Margo’s Choice, Women’s Fiction, builds tension based on character flaws.

Margo worries when she learns Jay, her EX, is coming back for their oldest daughter’s birthday. She doesn’t know Jay is retiring from the Marines and coming home to stay. Jay was her first love and her only love. Neither has remarried, and they still share a strong attraction to each other, but Margo is determined she will never fall for his charms again. He leaves her hurt and disappointed each time. Will she never learn?


“He sends cards and gifts for both,” Carol said. “The girls show me everything their daddy sends them.”

Margo’s response. “At first he sent cards and gifts for Rose. His mama sent cards and gifts for Dee, then she finally shamed him into doing it, since she was only a kid.

Rose(Electra) and Dee (Deidre) have a lot at stake, too!

Electra is 20 and in college.

Electra couldn’t wait to see her dad again. He had always been so big and strong. He’d made her feel safe. Even last year he’d been able to hoist her over his shoulder, practically bench press her hundred and twenty pounds. That was after they’d run three miles. He’d carried her the last half mile and she’d nearly tossed her breakfast. At five feet five, she was no lightweight.

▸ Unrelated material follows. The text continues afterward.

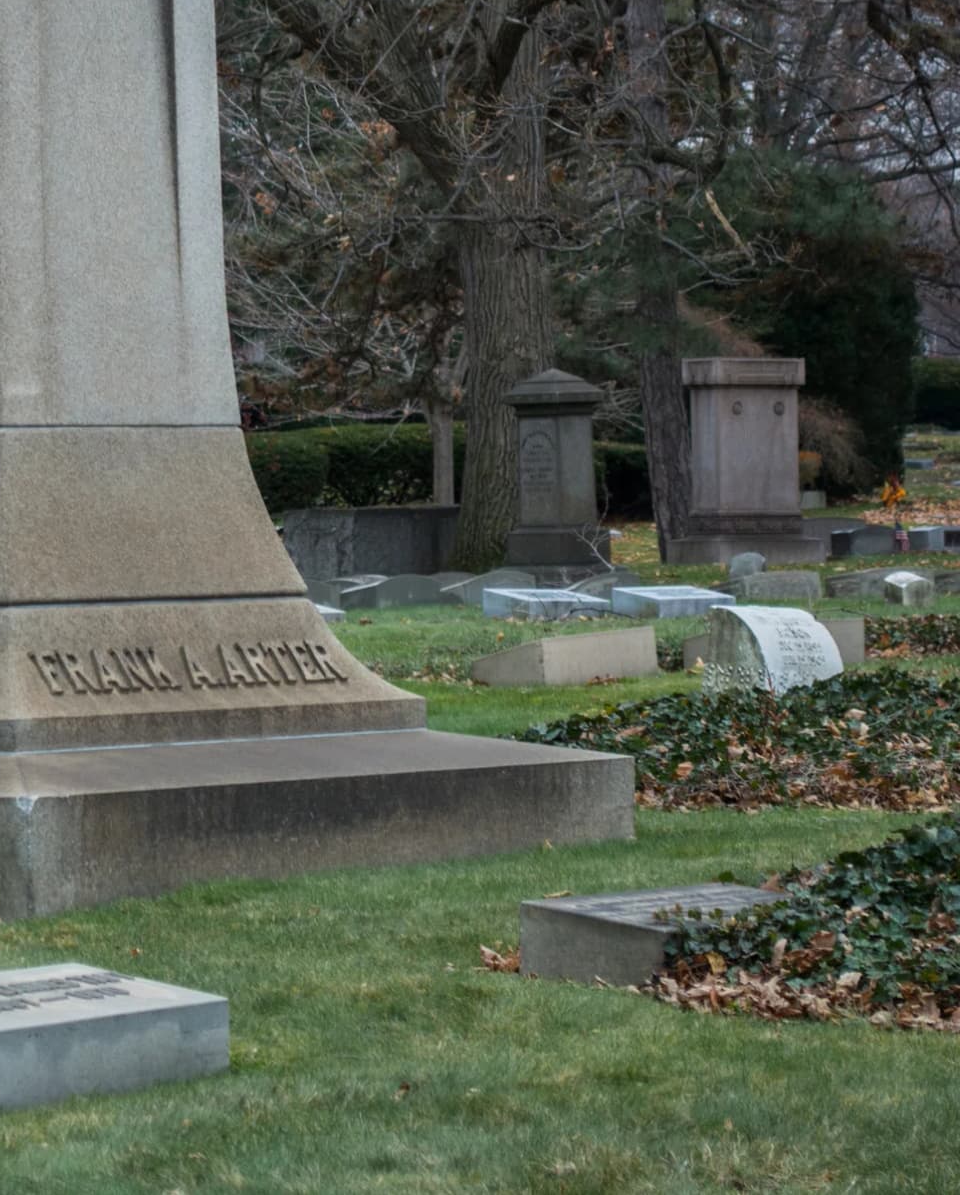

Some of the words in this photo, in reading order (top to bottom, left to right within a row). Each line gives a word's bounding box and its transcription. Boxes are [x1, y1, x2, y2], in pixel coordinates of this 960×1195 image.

[28, 647, 182, 696] FRANK
[181, 644, 227, 690] A.
[218, 639, 349, 688] ARTER

He’d be around all the time now, since he was retiring. At least he wouldn’t try to make rules and treat her like a kid the way Mama and her grandparents did. She’d soon be a college graduate and she’d be on her own. Sweet! Mama didn’t know Daddy sent her money every month. With that and her part time job, she’d paid for a car. Both sets of grandparents had given money toward her down payment. If he kept up the extra money, she could move into her own apartment soon.

She missed having her dad around. She loved the way her friends reacted to him and even pictures of him. The girls called him so-o-o hot and the guys said he looked cut. His muscles looked like they had muscles. For an old guy and a dad, he looked great, better than any football player or weight lifter she’d ever seen.

Why did Dad seem so strange about Dee? Everyone loved Dee. How could anyone not love her? She made good grades, didn’t get into trouble, and had no idea she was special. Dee never ratted her out, like about hidden piercings or tattoos or nights spent with a certain boyfriend who played in a band. Mama and the grandparents would shit a brick if they knew about him and the things she’d done with him.

Deidre is in high school and vulnerable.

Hell, her mom had married at twenty, and look how that ended up. No way am I getting tied down at twenty, even for Shark.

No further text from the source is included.